ASSIGNMENT
In your copy, set down the entries exactly and exclude the pictures.

DATA PROVIDED
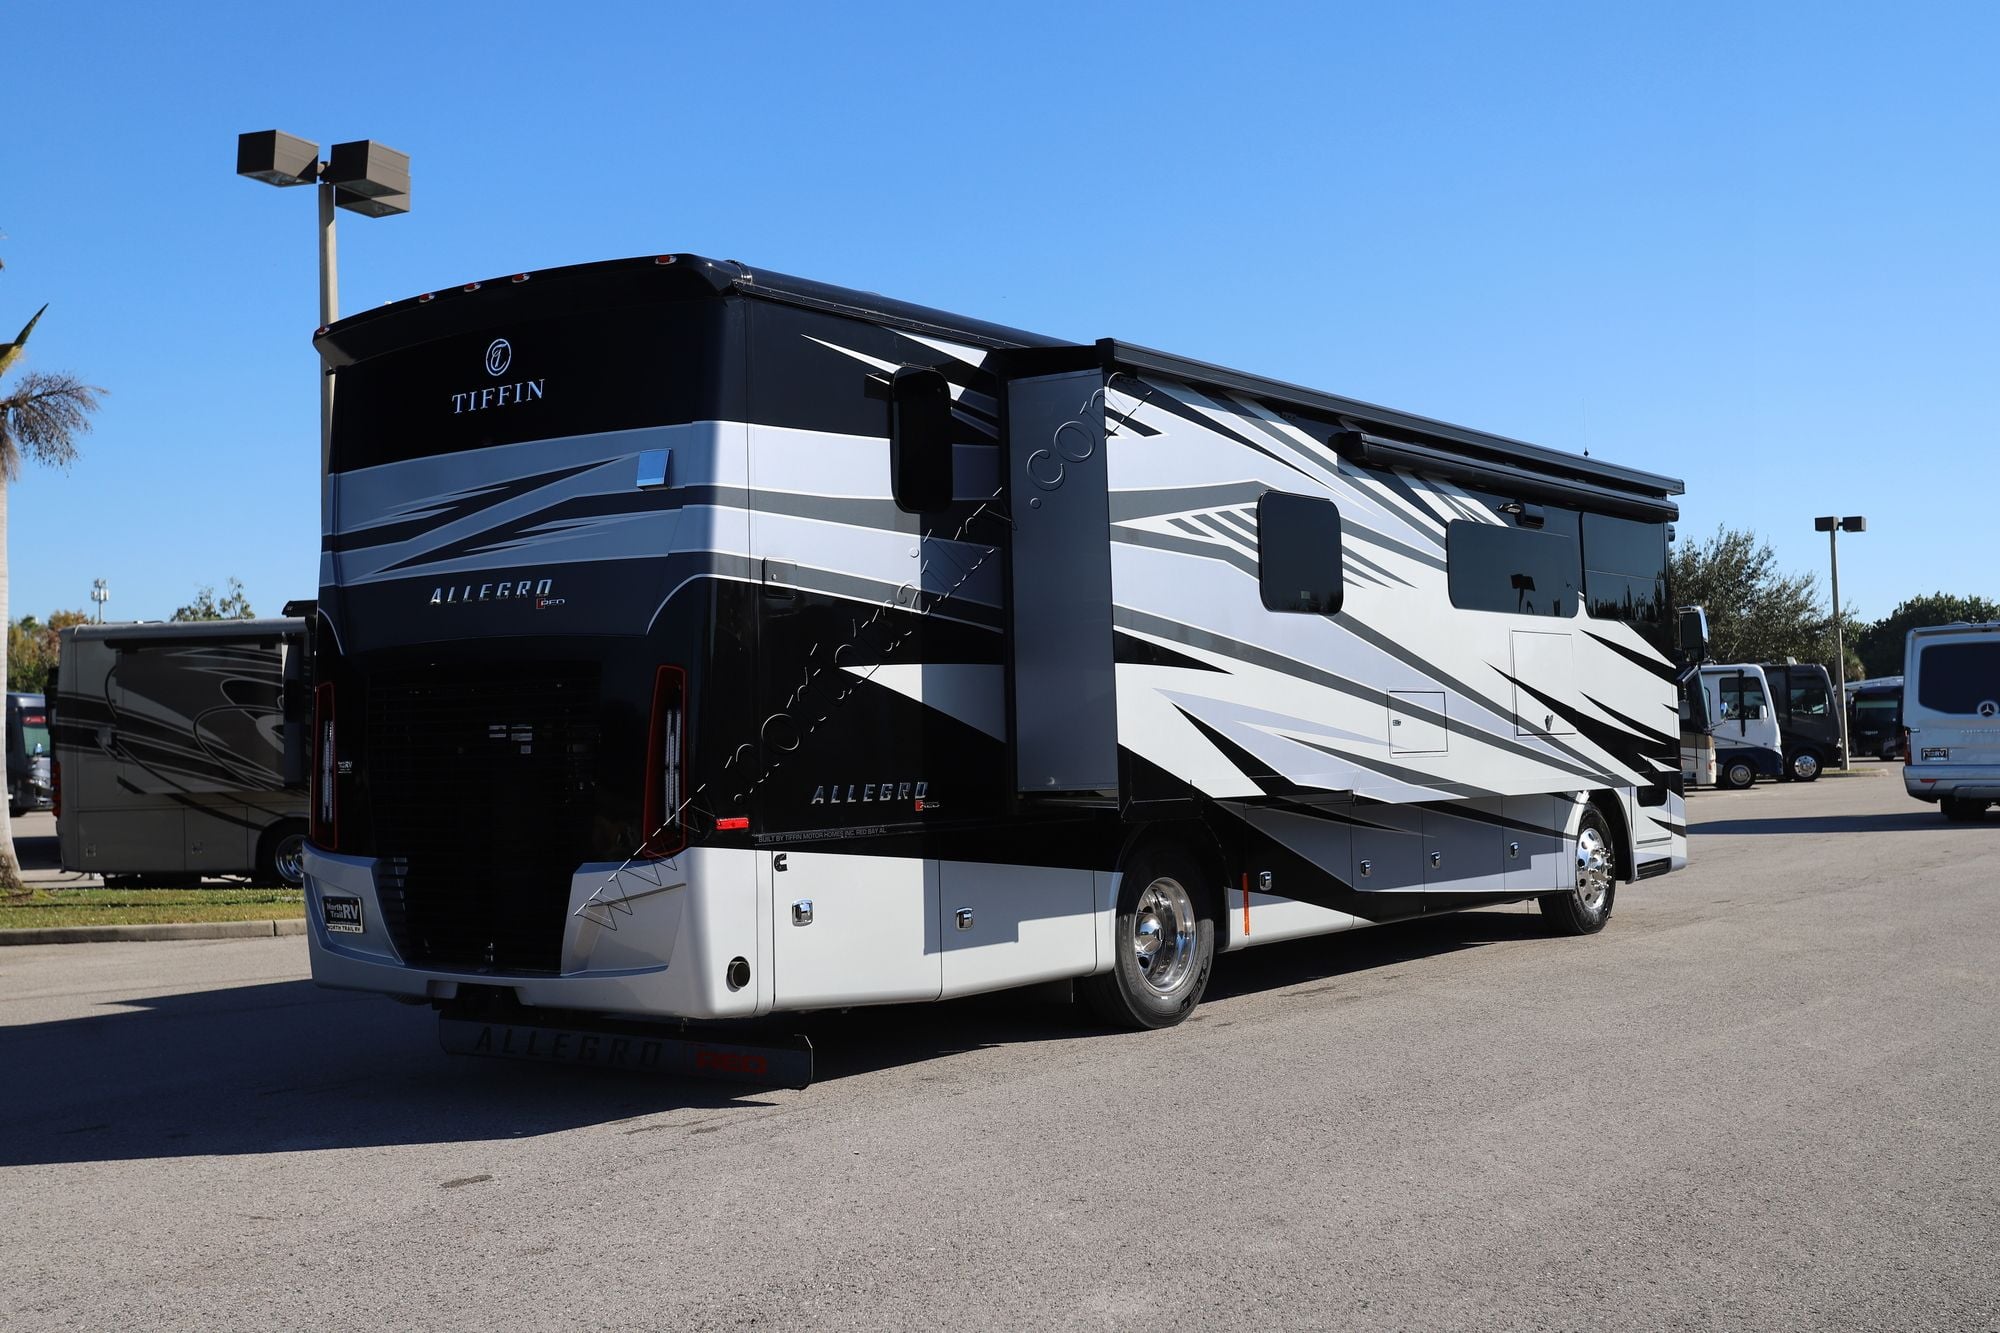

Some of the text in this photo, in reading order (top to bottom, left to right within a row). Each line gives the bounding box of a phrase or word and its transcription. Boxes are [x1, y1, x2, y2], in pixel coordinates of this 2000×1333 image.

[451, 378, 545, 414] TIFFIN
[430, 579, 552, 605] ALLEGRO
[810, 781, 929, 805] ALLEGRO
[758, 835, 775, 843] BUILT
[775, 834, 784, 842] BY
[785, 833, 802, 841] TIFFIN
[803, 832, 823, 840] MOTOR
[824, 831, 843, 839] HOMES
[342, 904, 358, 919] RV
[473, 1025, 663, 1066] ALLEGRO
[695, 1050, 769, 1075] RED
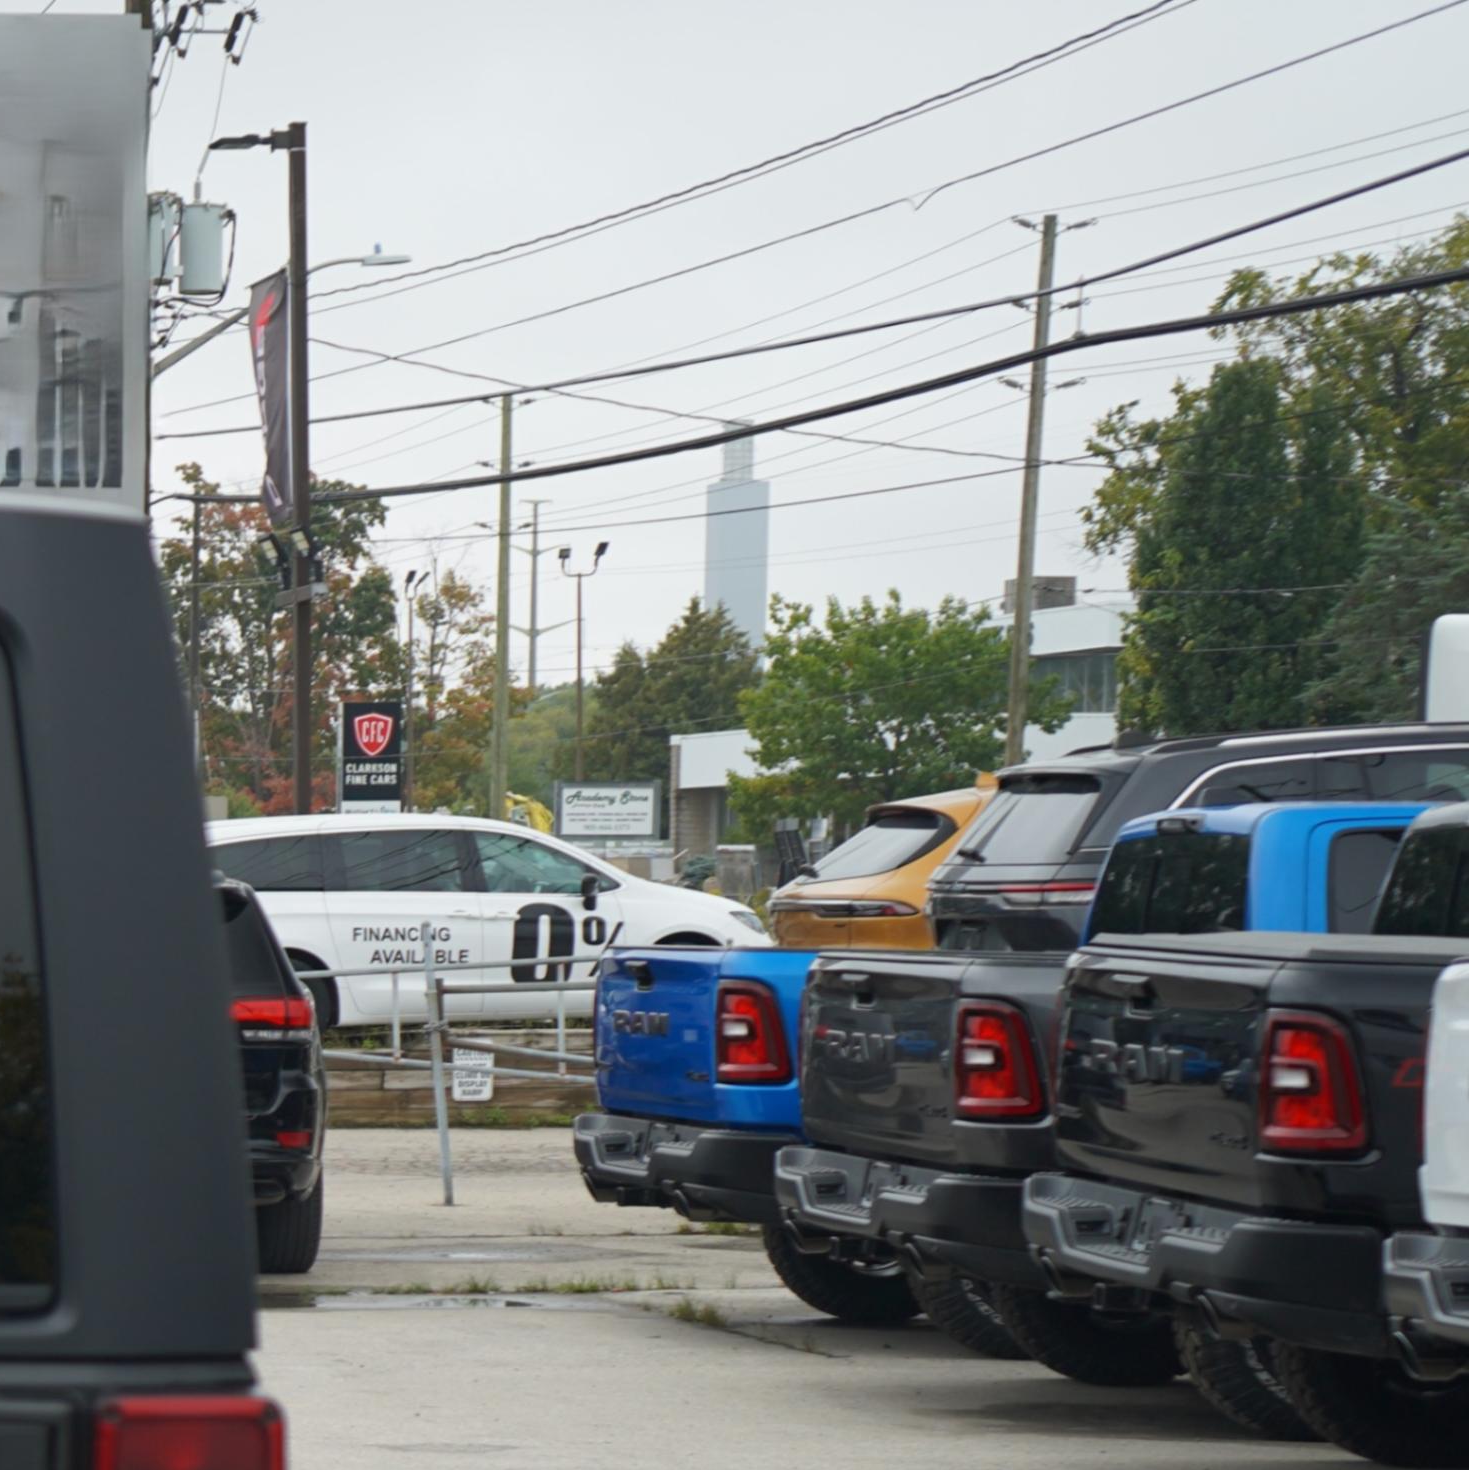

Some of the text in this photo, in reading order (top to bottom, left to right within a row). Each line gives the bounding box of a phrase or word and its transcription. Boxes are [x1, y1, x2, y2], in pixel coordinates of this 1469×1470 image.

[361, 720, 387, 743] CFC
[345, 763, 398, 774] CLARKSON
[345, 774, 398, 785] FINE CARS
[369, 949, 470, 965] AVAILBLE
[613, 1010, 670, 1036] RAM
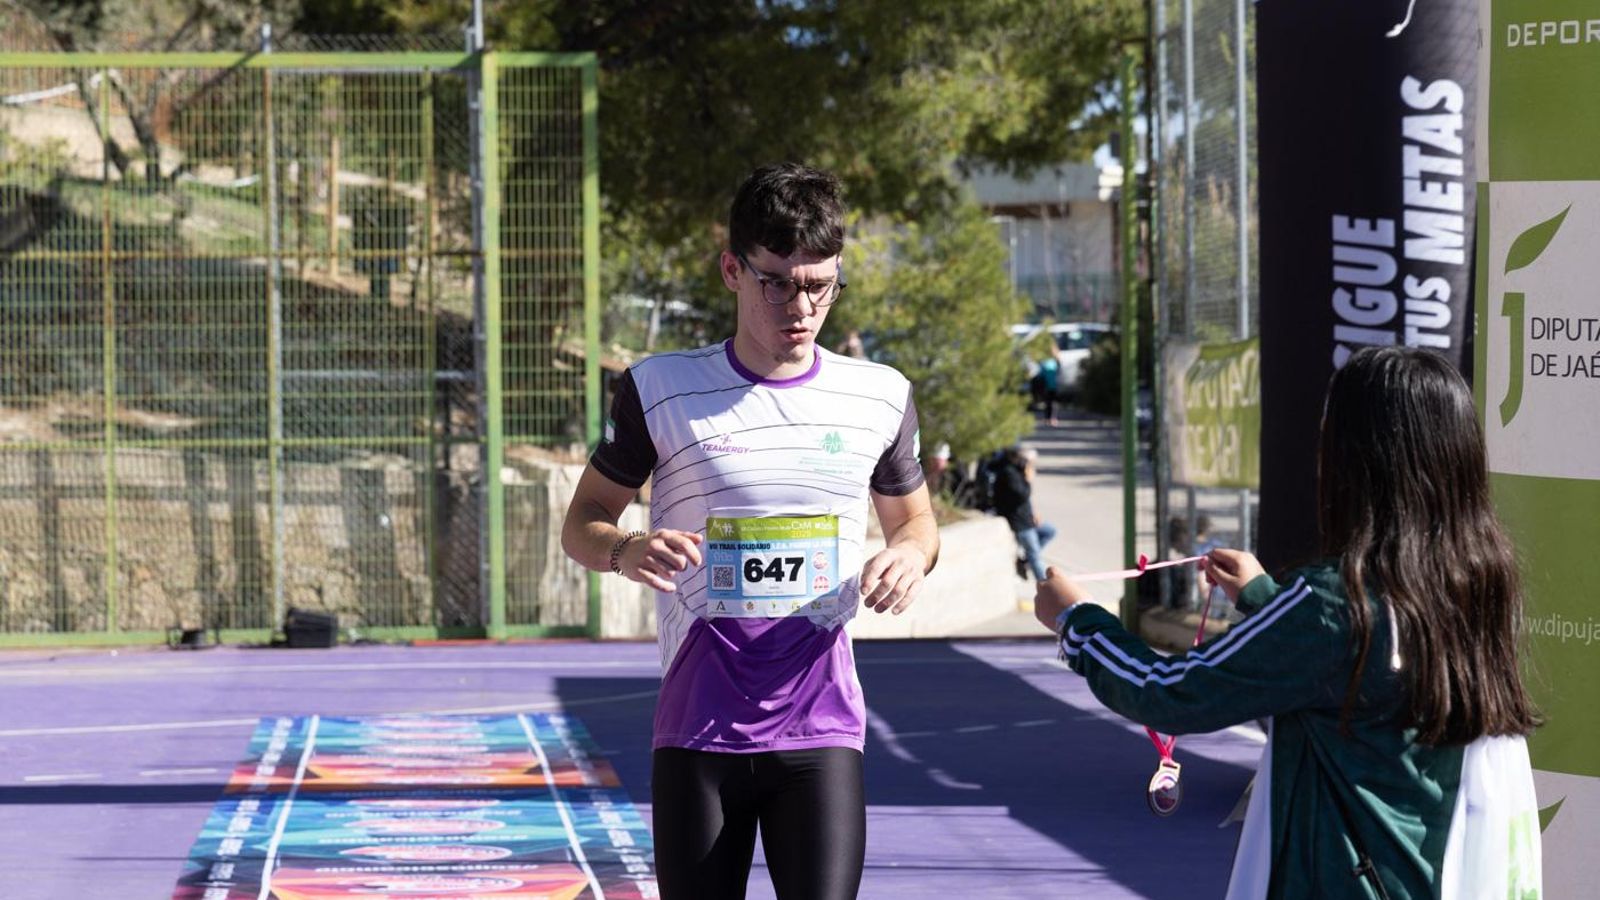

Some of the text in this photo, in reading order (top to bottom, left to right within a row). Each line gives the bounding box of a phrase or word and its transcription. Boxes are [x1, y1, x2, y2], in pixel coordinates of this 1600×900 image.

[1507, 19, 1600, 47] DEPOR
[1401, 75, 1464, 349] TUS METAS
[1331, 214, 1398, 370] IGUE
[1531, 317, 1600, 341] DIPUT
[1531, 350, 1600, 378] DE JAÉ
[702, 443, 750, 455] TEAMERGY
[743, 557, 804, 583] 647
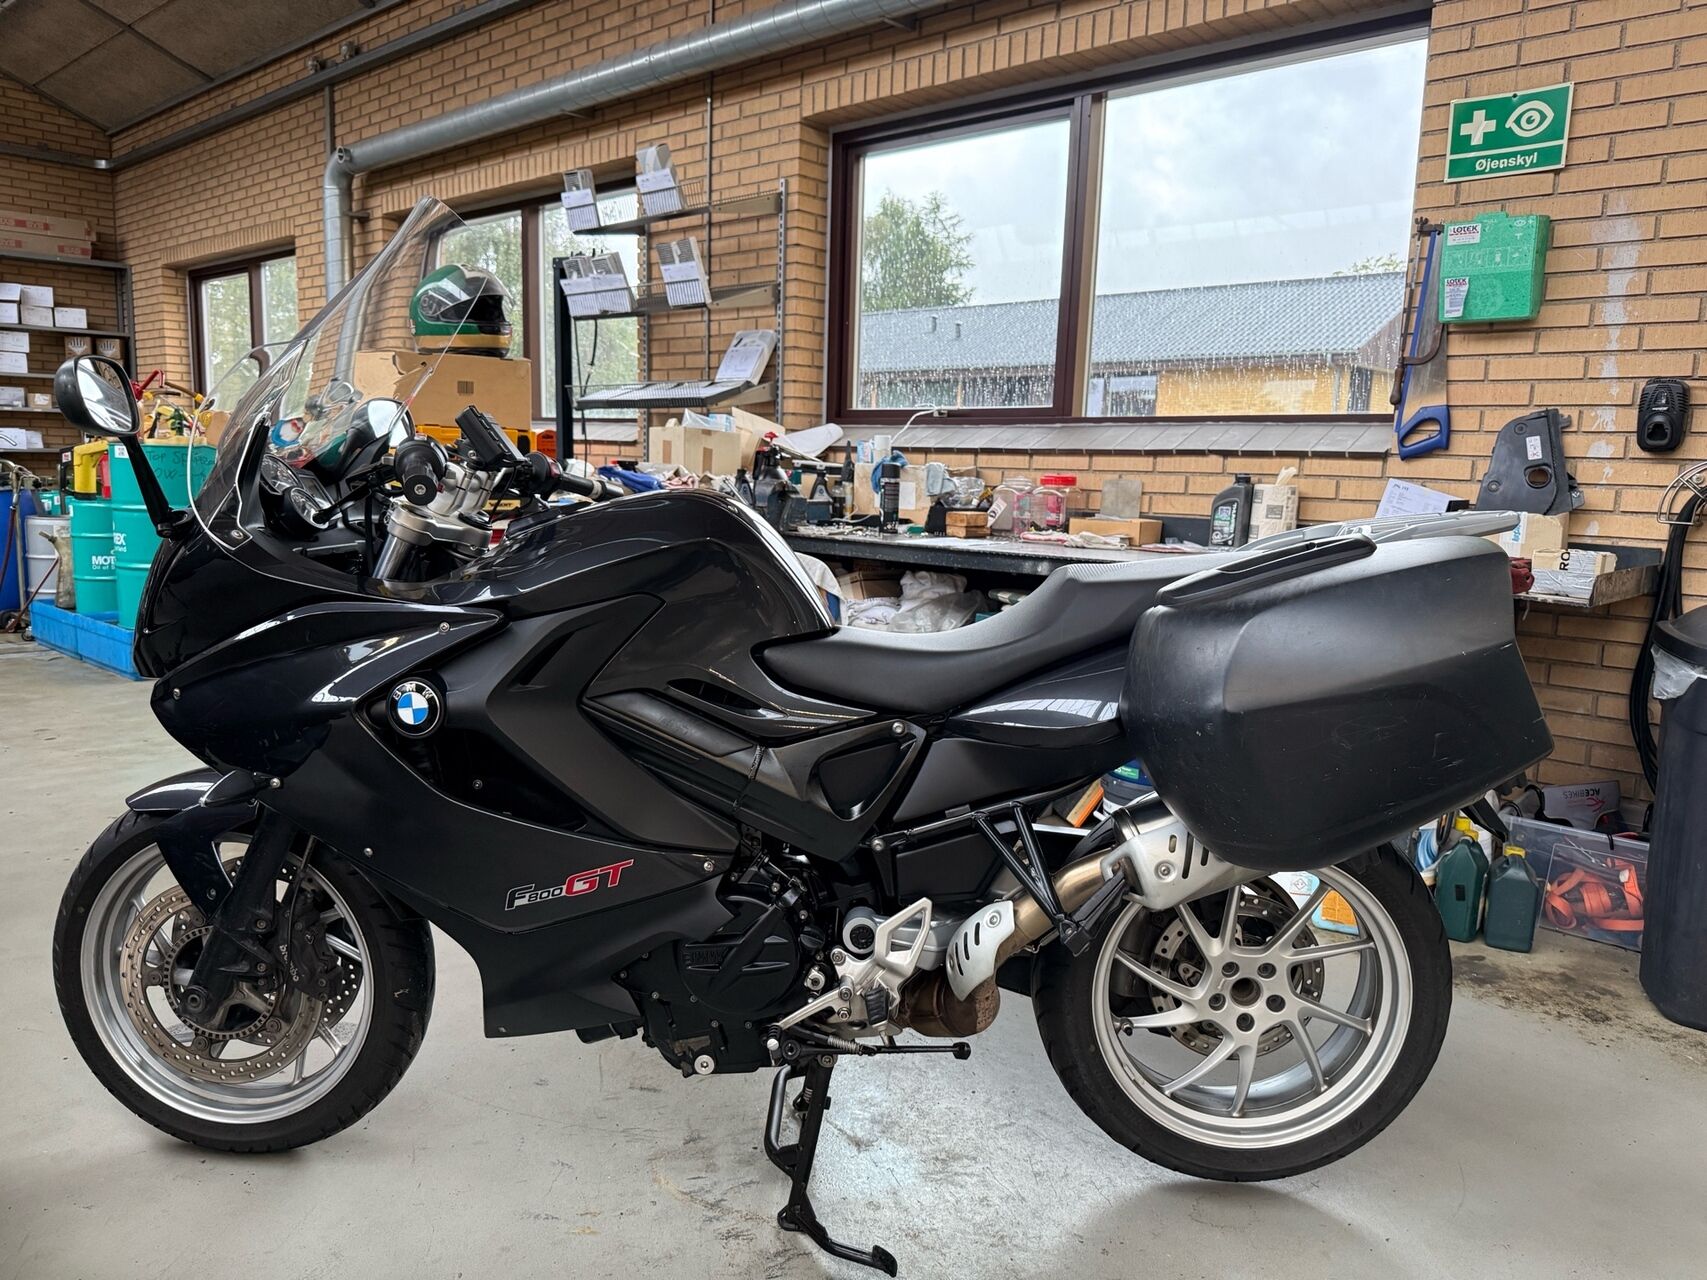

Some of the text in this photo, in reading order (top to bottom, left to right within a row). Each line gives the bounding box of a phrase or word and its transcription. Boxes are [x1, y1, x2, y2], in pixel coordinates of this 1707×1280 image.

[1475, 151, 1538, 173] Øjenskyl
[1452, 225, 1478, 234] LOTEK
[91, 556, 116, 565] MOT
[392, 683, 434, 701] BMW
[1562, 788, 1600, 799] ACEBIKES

ANSWER FOR THE TASK
Some of the text in this photo, in reading order (top to bottom, left to right within a row). Each line gives the bounding box of a phrase or word and its transcription. Boxes are [x1, y1, x2, y2], in pixel coordinates of this 2000×1333 image.

[451, 378, 545, 414] TIFFIN
[430, 579, 552, 605] ALLEGRO
[810, 781, 929, 805] ALLEGRO
[758, 835, 775, 843] BUILT
[775, 834, 784, 842] BY
[785, 833, 802, 841] TIFFIN
[803, 832, 823, 840] MOTOR
[824, 831, 843, 839] HOMES
[342, 904, 358, 919] RV
[473, 1025, 663, 1066] ALLEGRO
[695, 1050, 769, 1075] RED

Some of the text in this photo, in reading order (top to bottom, left to right within a row). Each line gives the bounding box of a phrase or word and its transcription. Boxes are [x1, y1, x2, y2], in pixel coordinates of this 1469×1470 image.

[361, 720, 387, 743] CFC
[345, 763, 398, 774] CLARKSON
[345, 774, 398, 785] FINE CARS
[369, 949, 470, 965] AVAILBLE
[613, 1010, 670, 1036] RAM

Some of the text in this photo, in reading order (top to bottom, left to right within a row). Each line gives the bounding box of a phrase or word and its transcription. Boxes are [x1, y1, x2, y2], in pixel coordinates of this 1600×900 image.

[1507, 19, 1600, 47] DEPOR
[1401, 75, 1464, 349] TUS METAS
[1331, 214, 1398, 370] IGUE
[1531, 317, 1600, 341] DIPUT
[1531, 350, 1600, 378] DE JAÉ
[702, 443, 750, 455] TEAMERGY
[743, 557, 804, 583] 647

Some of the text in this photo, in reading order (top to bottom, left to right within a row). Each line gives the bounding box of a phrase or word and its transcription. Boxes are [x1, y1, x2, y2], in pixel coordinates of this 1707×1280 image.

[1475, 151, 1538, 173] Øjenskyl
[1452, 225, 1478, 234] LOTEK
[91, 556, 116, 565] MOT
[392, 683, 434, 701] BMW
[1562, 788, 1600, 799] ACEBIKES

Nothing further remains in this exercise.